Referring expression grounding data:
----------------------------------------

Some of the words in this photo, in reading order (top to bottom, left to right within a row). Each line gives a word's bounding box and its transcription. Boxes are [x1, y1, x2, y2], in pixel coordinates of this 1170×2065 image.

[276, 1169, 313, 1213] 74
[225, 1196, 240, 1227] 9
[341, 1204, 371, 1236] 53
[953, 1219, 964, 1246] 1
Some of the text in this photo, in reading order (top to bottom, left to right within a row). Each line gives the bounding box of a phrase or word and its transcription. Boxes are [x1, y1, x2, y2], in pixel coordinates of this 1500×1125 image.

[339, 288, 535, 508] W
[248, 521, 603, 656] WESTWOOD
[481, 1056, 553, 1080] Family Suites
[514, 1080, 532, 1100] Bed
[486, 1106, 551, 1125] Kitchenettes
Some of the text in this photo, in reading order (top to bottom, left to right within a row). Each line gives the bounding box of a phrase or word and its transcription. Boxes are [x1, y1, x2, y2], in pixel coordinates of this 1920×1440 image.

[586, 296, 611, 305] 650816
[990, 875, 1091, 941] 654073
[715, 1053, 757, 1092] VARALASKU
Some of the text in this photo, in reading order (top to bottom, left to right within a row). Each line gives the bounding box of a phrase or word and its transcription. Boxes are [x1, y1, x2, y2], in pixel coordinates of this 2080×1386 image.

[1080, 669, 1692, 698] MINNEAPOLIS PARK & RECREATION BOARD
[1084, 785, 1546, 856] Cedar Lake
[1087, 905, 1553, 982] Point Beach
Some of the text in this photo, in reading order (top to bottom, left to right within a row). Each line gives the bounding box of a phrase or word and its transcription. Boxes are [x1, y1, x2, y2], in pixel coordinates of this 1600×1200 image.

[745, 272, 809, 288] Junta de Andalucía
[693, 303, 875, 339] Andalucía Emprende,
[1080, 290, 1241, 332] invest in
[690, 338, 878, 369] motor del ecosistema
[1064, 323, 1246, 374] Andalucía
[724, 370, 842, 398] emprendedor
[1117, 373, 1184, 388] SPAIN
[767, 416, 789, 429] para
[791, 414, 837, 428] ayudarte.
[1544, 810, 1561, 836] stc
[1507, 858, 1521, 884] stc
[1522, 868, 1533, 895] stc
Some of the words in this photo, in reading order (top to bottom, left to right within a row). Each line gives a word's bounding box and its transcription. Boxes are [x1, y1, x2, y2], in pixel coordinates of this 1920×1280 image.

----------------------------------------

WORK ORDER: Give the entries again in full, with nothing changed.

SOLUTION FOR THIS PROBLEM:
Some of the words in this photo, in reading order (top to bottom, left to right within a row). Each line gives a word's bounding box and its transcription. Boxes are [x1, y1, x2, y2], in pixel coordinates of this 1170×2065 image.

[276, 1169, 313, 1213] 74
[225, 1196, 240, 1227] 9
[341, 1204, 371, 1236] 53
[953, 1219, 964, 1246] 1
Some of the text in this photo, in reading order (top to bottom, left to right within a row). Each line gives the bounding box of a phrase or word and its transcription. Boxes are [x1, y1, x2, y2], in pixel coordinates of this 1500×1125 image.

[339, 288, 535, 508] W
[248, 521, 603, 656] WESTWOOD
[481, 1056, 553, 1080] Family Suites
[514, 1080, 532, 1100] Bed
[486, 1106, 551, 1125] Kitchenettes
Some of the text in this photo, in reading order (top to bottom, left to right within a row). Each line gives the bounding box of a phrase or word and its transcription. Boxes are [x1, y1, x2, y2], in pixel coordinates of this 1920×1440 image.

[586, 296, 611, 305] 650816
[990, 875, 1091, 941] 654073
[715, 1053, 757, 1092] VARALASKU
Some of the text in this photo, in reading order (top to bottom, left to right within a row). Each line gives the bounding box of a phrase or word and its transcription. Boxes are [x1, y1, x2, y2], in pixel coordinates of this 2080×1386 image.

[1080, 669, 1692, 698] MINNEAPOLIS PARK & RECREATION BOARD
[1084, 785, 1546, 856] Cedar Lake
[1087, 905, 1553, 982] Point Beach
Some of the text in this photo, in reading order (top to bottom, left to right within a row). Each line gives the bounding box of a phrase or word and its transcription. Boxes are [x1, y1, x2, y2], in pixel coordinates of this 1600×1200 image.

[745, 272, 809, 288] Junta de Andalucía
[693, 303, 875, 339] Andalucía Emprende,
[1080, 290, 1241, 332] invest in
[690, 338, 878, 369] motor del ecosistema
[1064, 323, 1246, 374] Andalucía
[724, 370, 842, 398] emprendedor
[1117, 373, 1184, 388] SPAIN
[767, 416, 789, 429] para
[791, 414, 837, 428] ayudarte.
[1544, 810, 1561, 836] stc
[1507, 858, 1521, 884] stc
[1522, 868, 1533, 895] stc
Some of the words in this photo, in reading order (top to bottom, left to right within a row). Each line gives a word's bounding box and its transcription. Boxes are [x1, y1, x2, y2], in pixel coordinates of this 1920×1280 image.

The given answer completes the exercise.